Toplumun büyük çoğunluğu da; bütün programlarını “iptal” edip, “Soma’dan canlı yayın” yapan “haber kanalları”nın karşısına geçip, “iyi haberler gelmesi” için “dua”lar etti... Ocaktan “ölü” çıkarılan işçiler için “gözyaşı” döktü...

Kısacası;

“Türk”üyle, “Kürt”üyle, “Laz”ı, “Arnavut”u, “Çerkes”i ve “Arap”ıyla “millet” olduğumuzu bir defa daha gösterdik...

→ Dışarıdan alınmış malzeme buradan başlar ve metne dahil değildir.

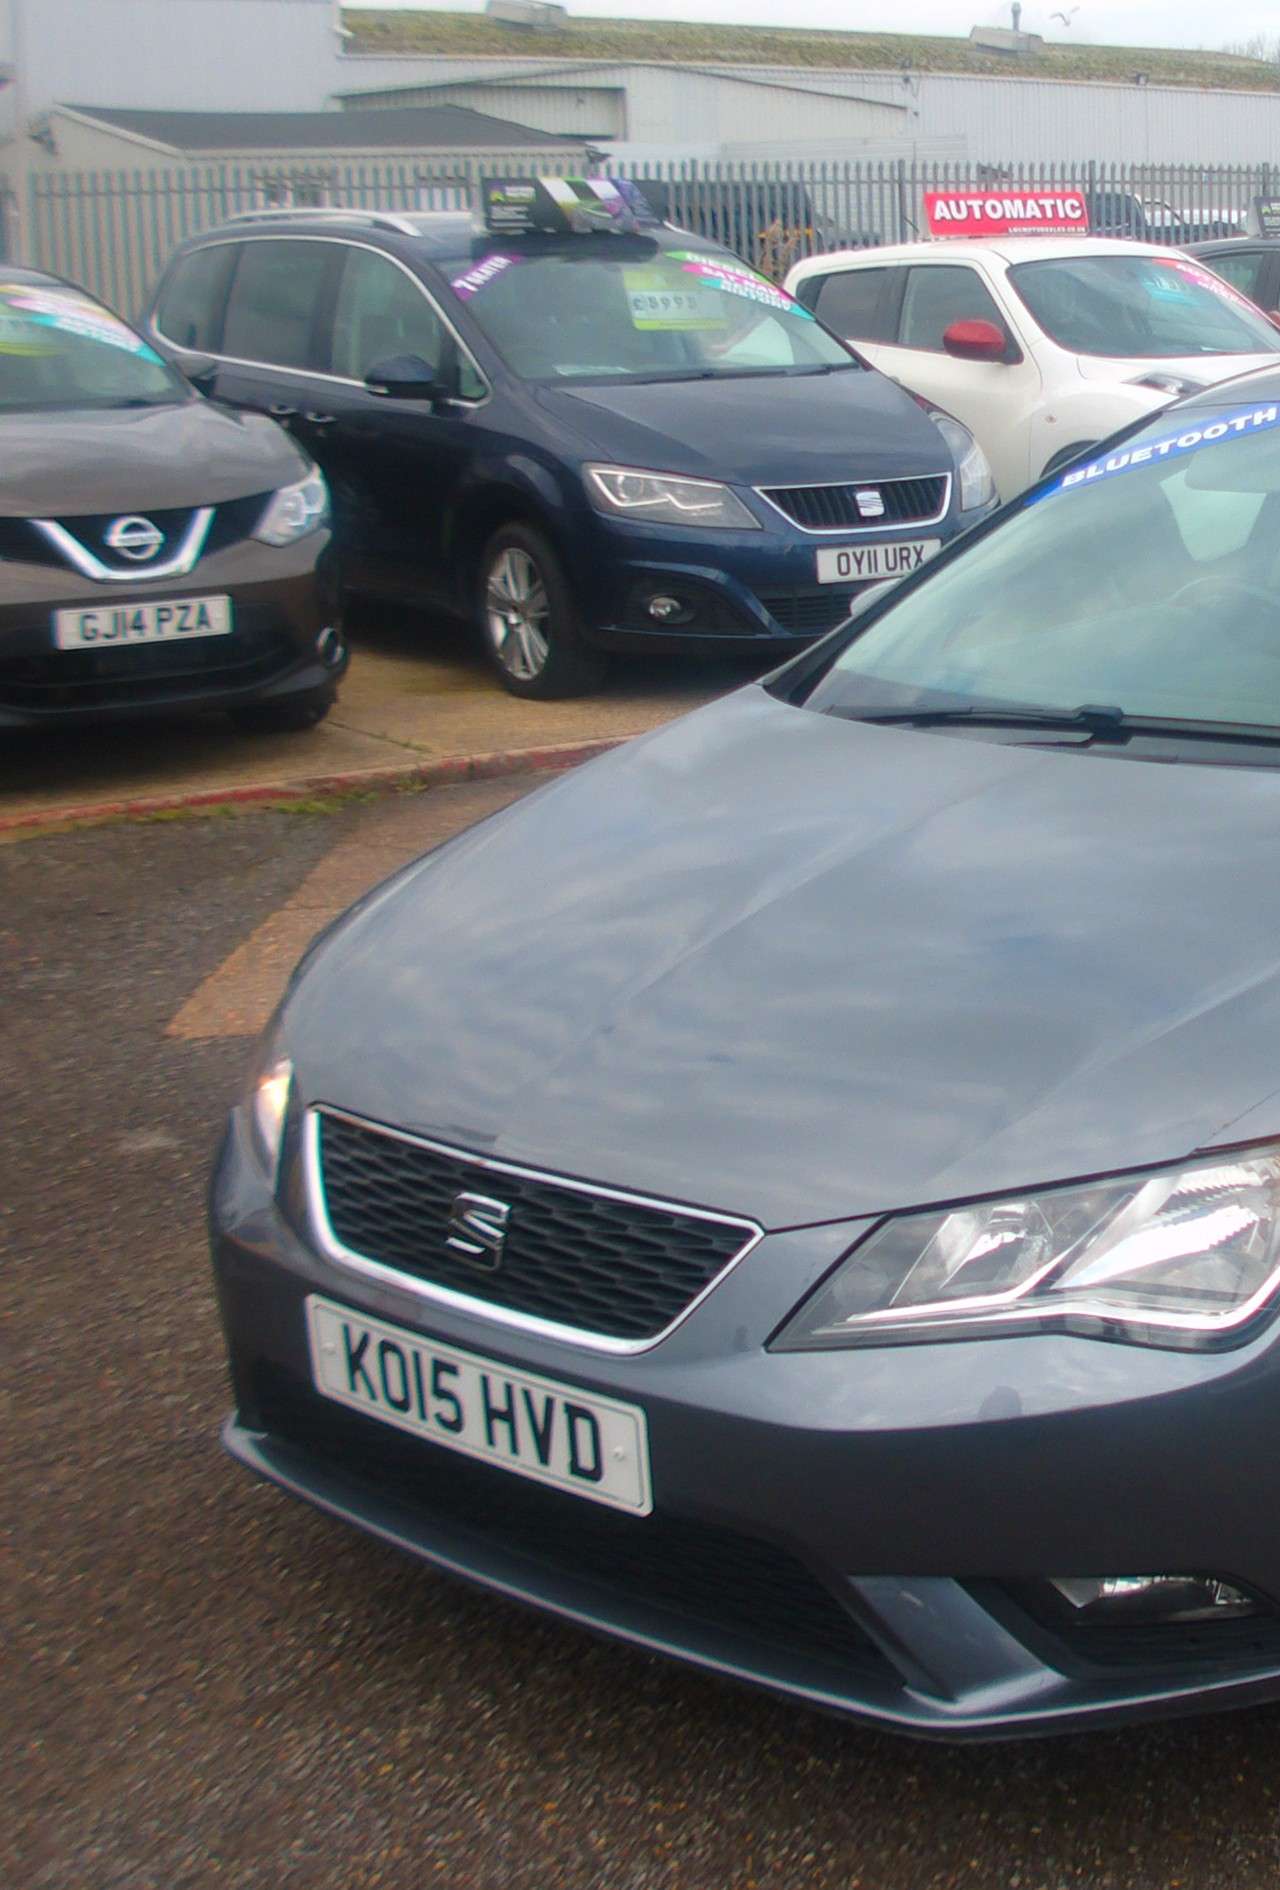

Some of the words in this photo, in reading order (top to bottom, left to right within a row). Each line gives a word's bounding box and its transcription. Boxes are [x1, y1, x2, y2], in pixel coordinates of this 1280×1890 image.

[934, 199, 1082, 220] AUTOMATIC
[1062, 407, 1277, 487] BLUETOOTH
[837, 550, 878, 576] OY11
[885, 545, 924, 572] URX
[79, 612, 146, 641] GJ14
[155, 604, 212, 634] PZA
[342, 1323, 464, 1433] KO15
[480, 1374, 604, 1482] HVD

Nasıl ki “deprem”lerde kenetlendik, nasıl ki “afet”lerde el ele verdik, Soma’daki “maden kazası”nda da “bir ve beraber” olduk... 

Yüreklerimiz cayır cayır yandı...

Bu birliğimiz inşaallah bozulmaz...

HESABI ELBETTE SORULACAK

Tabiî; birlik ve beraberlik içinde olmamız, bu “facia”yı sorgulamamızı engellemez... Bu facia elbette sorgulanacak, elbette soruşturulacak ve “sorumlular”ından elbette hesap sorulacak!..

Kaldı ki;

Manisa Cumhuriyet Başsavcısı Durdu Kavak, bu soruşturmayı başlattı bile... 

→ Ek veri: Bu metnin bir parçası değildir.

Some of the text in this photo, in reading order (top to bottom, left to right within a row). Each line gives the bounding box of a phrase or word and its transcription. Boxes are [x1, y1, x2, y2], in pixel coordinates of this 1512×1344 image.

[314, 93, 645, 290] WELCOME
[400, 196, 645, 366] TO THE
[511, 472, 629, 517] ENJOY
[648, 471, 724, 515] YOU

Ancak, kimden hesap soracak?.. 

Zira, savcının ilk etapta hesap sorması gereken “amir”ler de işçilerle birlikte hayatlarını kaybetmiş durumda...

Elbette “maden sahibi”nin de ifadesi alınacak... Ama, “uzman”ların ve “işçiler”in ifadesine bakılacak olursa, “anormal” bir durum görünmüyor...

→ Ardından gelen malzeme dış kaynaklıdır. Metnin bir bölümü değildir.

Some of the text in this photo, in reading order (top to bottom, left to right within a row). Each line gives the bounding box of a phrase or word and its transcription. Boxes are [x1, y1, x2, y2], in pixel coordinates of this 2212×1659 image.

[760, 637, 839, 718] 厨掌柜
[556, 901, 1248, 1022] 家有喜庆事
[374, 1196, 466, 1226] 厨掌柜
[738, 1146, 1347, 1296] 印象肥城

Ölenlerin çoğu, “yangın”dan kaynaklanan “karbonmonoksit ve karbondioksit zehrlenmeleri”nden... Yani, bir “gaz kaçağı”ndan, bir “grizu”dan değil!..

PATLATILDI MI?

Yangın, “elektrik trafosunun patlaması”ndan çıkmış...

İyi de, o trafo nasıl patladı?..

Daha önceki “maden faciaları”nı tek tek inceledim... “Gaz sıkışması”ndan kaynaklanan “grizu faciaları” var... 

“Elektrik panoları”nda meydana gelen “arıza” sonucu “kablolar yanmış” ve ölümler olmuş... “Göçük”ler olmuş, işçiler göçük altında kalıp, ölmüşler... 

Ama, bir tek 17 Mayıs 2010’da Zonguldak’taki maden ocağında meydana gelen “patlama”nın “elektrik trafosu”ndan kaynaklandığına dair bilgi var...

Dediğim gibi;

Onun haricindeki bütün facialar ya “gaz sıkışması”ndan, ya “elektrik kontağı”ndan, ya da “göçük”ten!..

Dolayısıyla;

“Nadiren” meydana gelen bu “trafo patlaması”nın üzerinde önemle durulması gerektiğini düşünüyorum... 

Hele de bu patlama; 

“Gezi kalkışmasının yıldönümüne 2 hafta kala” meydana gelmişse!..

Hele de;

“Manipülasyon”lar, “provokasyon”lar ve “ajitasyon”lar havada uçuşuyorsa!..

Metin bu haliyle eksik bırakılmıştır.